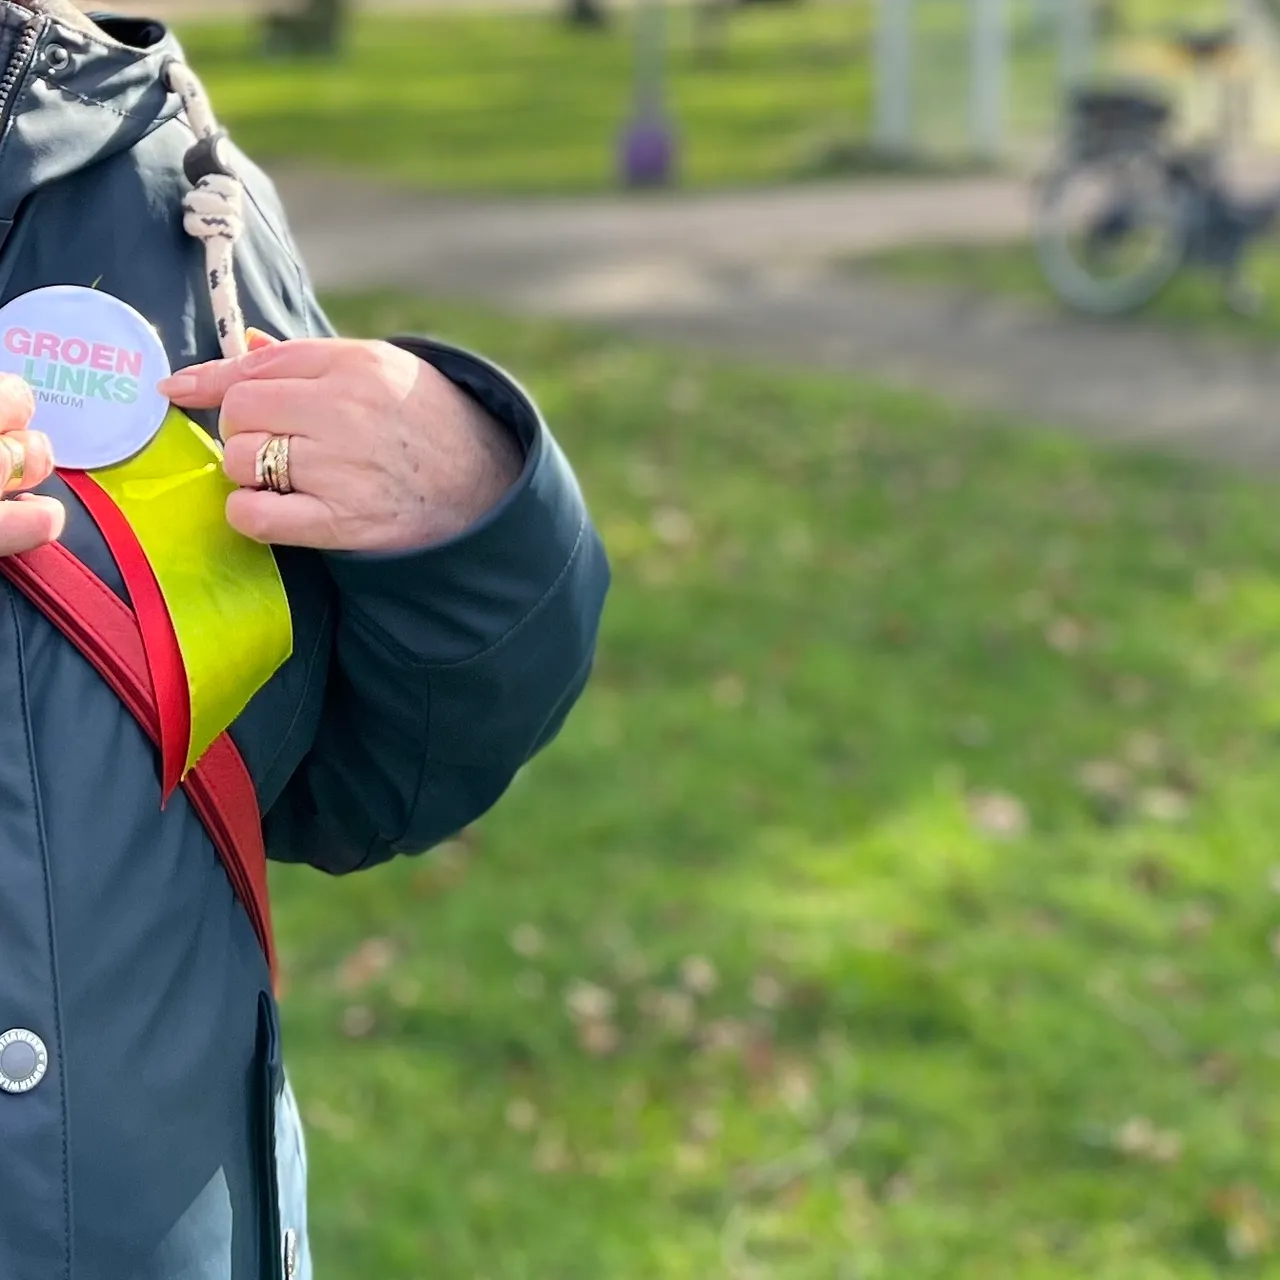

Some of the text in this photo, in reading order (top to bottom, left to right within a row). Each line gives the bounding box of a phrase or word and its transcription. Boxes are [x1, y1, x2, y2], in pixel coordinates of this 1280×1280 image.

[3, 327, 144, 378] GROEN
[22, 358, 140, 405] LINKS
[32, 389, 85, 409] ENKUM
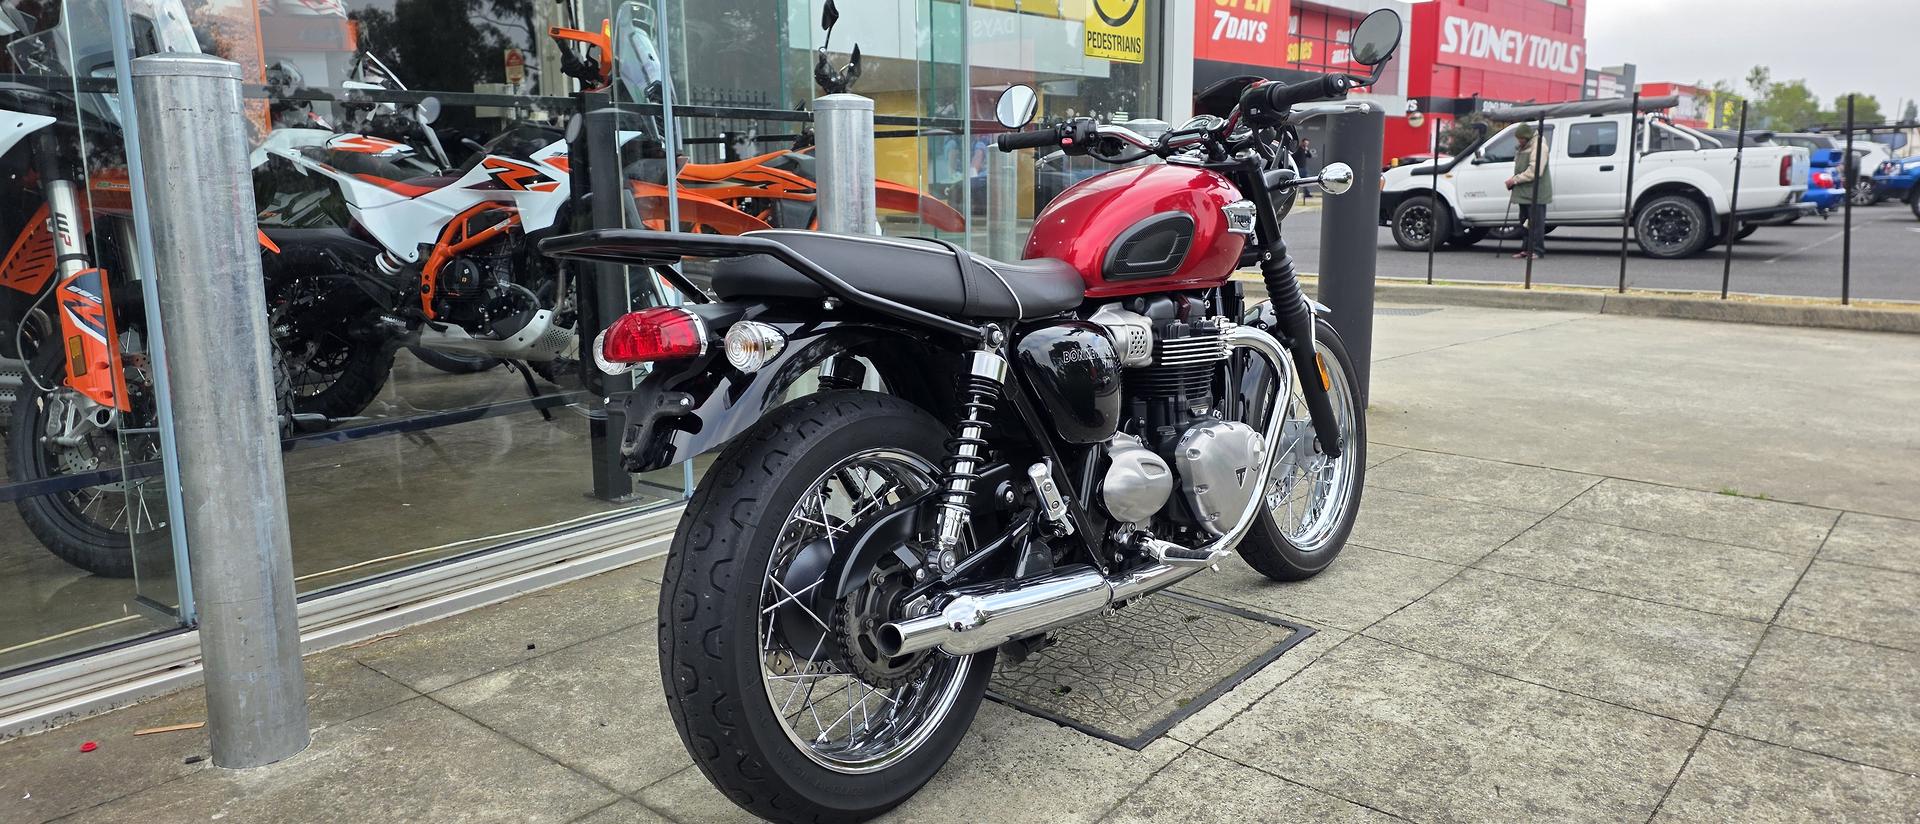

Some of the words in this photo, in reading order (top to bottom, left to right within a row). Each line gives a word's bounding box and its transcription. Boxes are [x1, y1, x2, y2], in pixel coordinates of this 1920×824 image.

[1087, 30, 1142, 54] PEDESTRIANS
[1440, 15, 1529, 65] SYDNEY
[1528, 34, 1582, 75] TOOLS
[55, 211, 72, 247] WP
----
◆ TASK DETAILS ◆
The response should consist only of the lines running from the one that contains "Some of the words" through the end of the material, repeated exactly.

◆ ANSWER SECTION ◆
Some of the words in this photo, in reading order (top to bottom, left to right within a row). Each line gives a word's bounding box and its transcription. Boxes are [x1, y1, x2, y2], in pixel coordinates of this 1920×824 image.

[1087, 30, 1142, 54] PEDESTRIANS
[1440, 15, 1529, 65] SYDNEY
[1528, 34, 1582, 75] TOOLS
[55, 211, 72, 247] WP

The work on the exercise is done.